Who leaves a rad onc residency? You have a chill time in most residencies. Maybe you write a dozen or more papers with a few faculty. You make connections at ASTRO and otherwise. You get known a little bit in the community. You make great connections with patients. You enjoy the technology and learning about cancer. It's all fun and games.

It's not until PGY-5 that you realize that you're screwed. The faculty you personally wrote several manuscripts for won't lift a finger to write an e-mail or pick up a phone on your behalf. Your chair whose ass you personally kissed and whose bidding you did for years offers you a fellowship. All the people you "connected" with over the years aren't hiring or would love to hire you but their own resident is in a similar position so they're hiring them instead... You thought you were different and special. You thought this couldn't happen to you. Your patients loved you, your attendings heaped praise, you were good at research and with patient care. So what if the job market is bad? I've been networking and productive. I'm good at this. I'm not that picky about location. I'll be fine. Job market? That's someone else's problem. That's what I told myself.

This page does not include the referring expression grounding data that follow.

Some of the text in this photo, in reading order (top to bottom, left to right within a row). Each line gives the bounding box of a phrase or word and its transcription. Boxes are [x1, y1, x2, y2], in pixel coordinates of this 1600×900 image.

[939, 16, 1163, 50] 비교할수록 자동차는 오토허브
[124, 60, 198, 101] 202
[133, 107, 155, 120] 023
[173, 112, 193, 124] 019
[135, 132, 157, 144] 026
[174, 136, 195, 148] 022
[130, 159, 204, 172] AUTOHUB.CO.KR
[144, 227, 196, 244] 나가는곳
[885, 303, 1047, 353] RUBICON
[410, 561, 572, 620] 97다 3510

So you apply all over the country and get few interviews. A few private gigs without partnership tracks and with pathetic $/RVU reimbursements or low straight salaries with no clear path to raise it. Or academic satellite jobs with the same $200-$300k straight salaries you get offered in private that seem more stable and hey, maybe I can do some academic stuff? You're in your 30s now and you figure, eh, I'll make the best of it. Another residency isn't worth it. Besides I like being a rad onc and a job is a job right? So what if it's not in the region I wanted? I'll be the best darn attending they've ever seen. Then I can just jump to another job in a few years if it doesn't work out.

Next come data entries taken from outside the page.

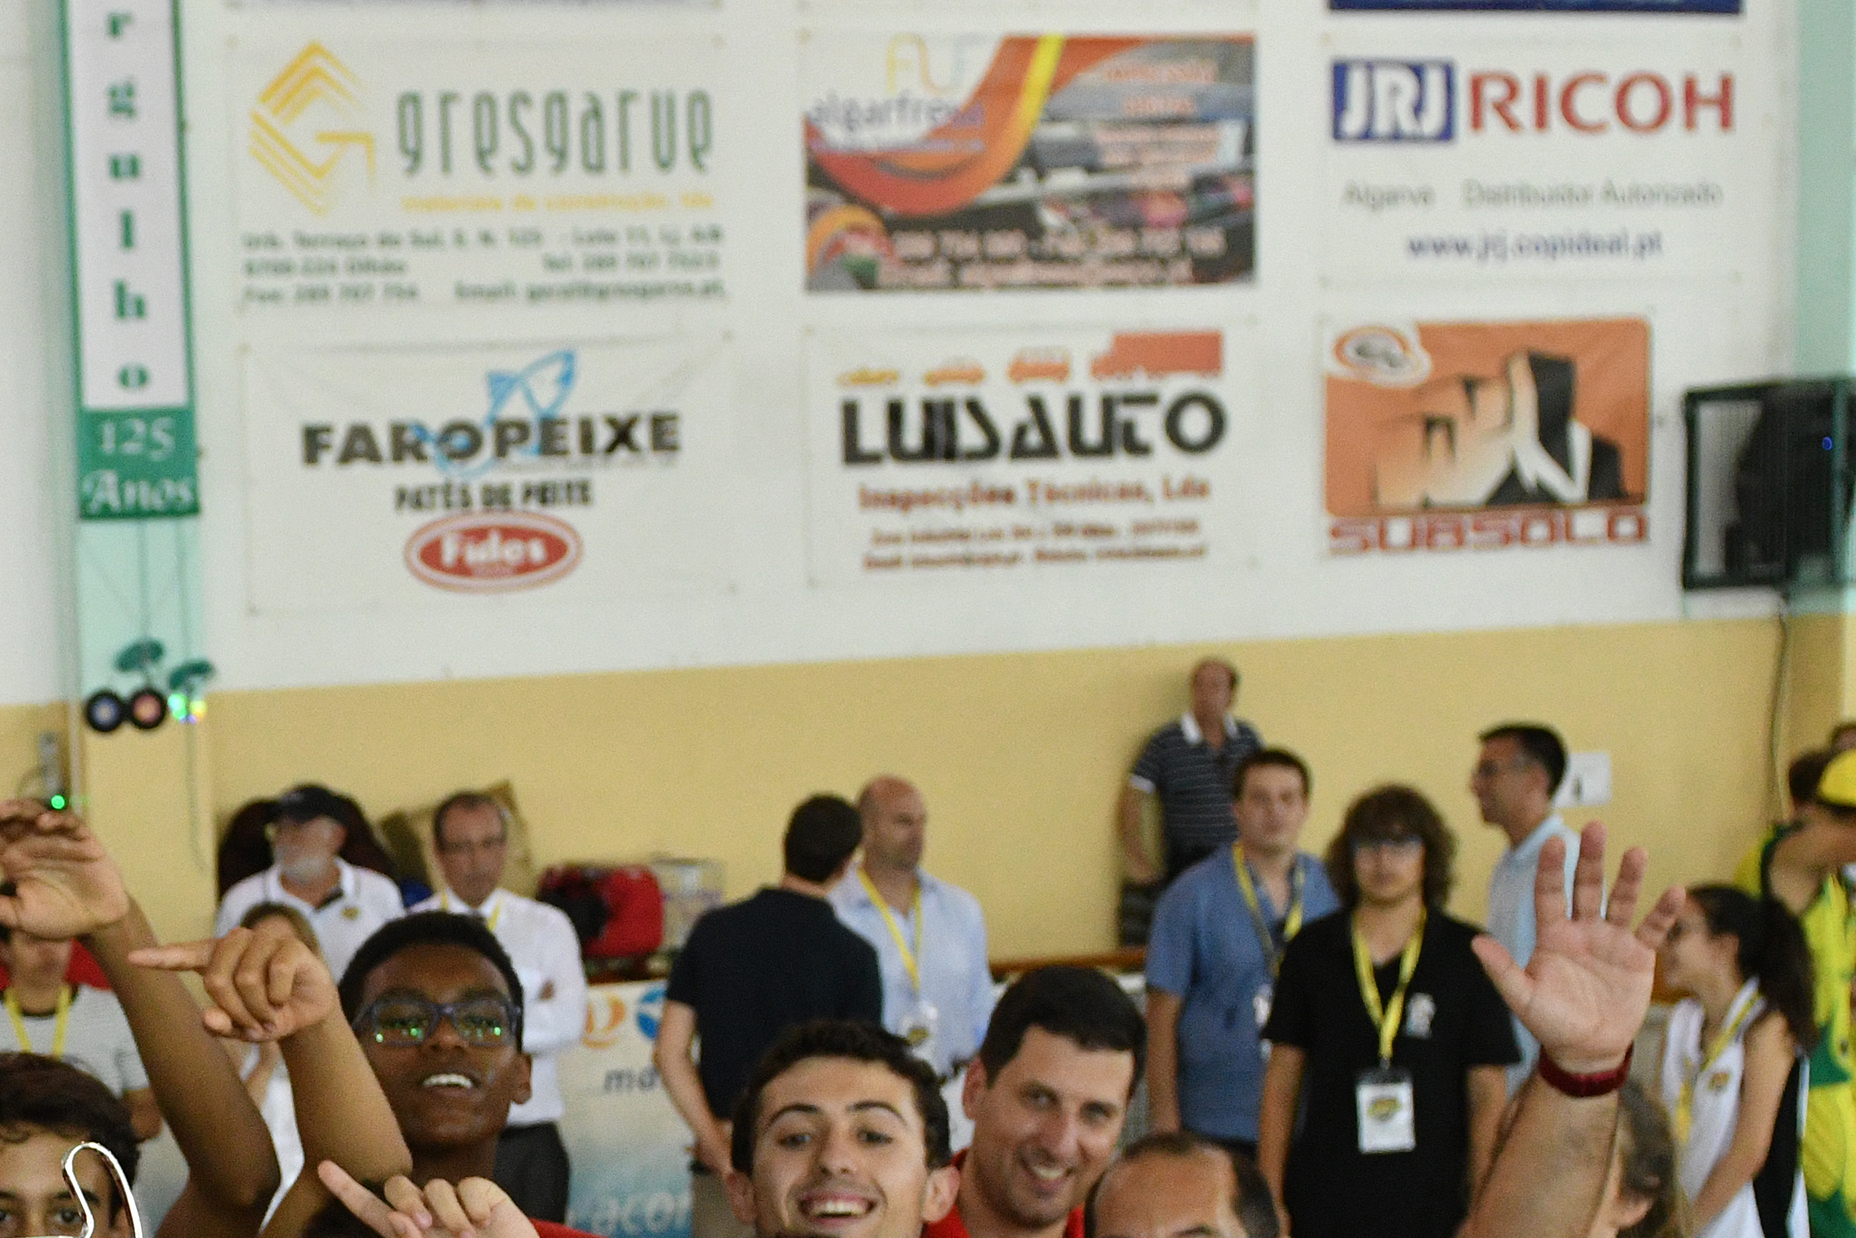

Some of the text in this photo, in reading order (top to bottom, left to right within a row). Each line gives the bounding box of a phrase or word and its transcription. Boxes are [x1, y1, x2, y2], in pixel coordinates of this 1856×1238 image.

[1342, 62, 1734, 137] JRJ RICOH
[1343, 178, 1724, 211] Algarve Distribuidor Autorizado
[100, 417, 175, 461] 125
[300, 411, 682, 466] FAROPEIXE
[841, 391, 1227, 465] LUISAUTO
[84, 468, 196, 515] Anos
[480, 482, 514, 510] DE

Then you get to your new job and find out you were lied to about pretty much every facet of your highly malignant 100% clinical "academic" job, now have a non-compete for basically the entire state, and they will never raise your pay. You look for a new job for years just like everyone at this churn and burn job before you, except now there is no job market. So after 100+ applications on every website and calling every friend you have, you get nowhere. Why is this guy looking again so early? I thought he was academic, so what's wrong with him that he's failing in academics? Now you're even further into your 30s, with a family, and with nowhere to go. So your wife tells you to get some anti-depressants and go back to work. Hey, at least I'm as busy as ever despite COVID-19. It gives me something to do I guess. Highest patient satisfaction scores in the practice. Hooray. I get a pathetic bonus every year when I'm over my private practice RVU target (like literally: go have a nice weekend kind of money), but this year they cut my salary 10% for COVID-19. Awesome.

Oh that medicine internship PGY-1 I did 5 or 6 years ago? Yeah, that was too long ago. Sorry, you're going to have to repeat internship if you want to switch to a specialty with a future like med onc.

Rad onc: the only winning move is not to play.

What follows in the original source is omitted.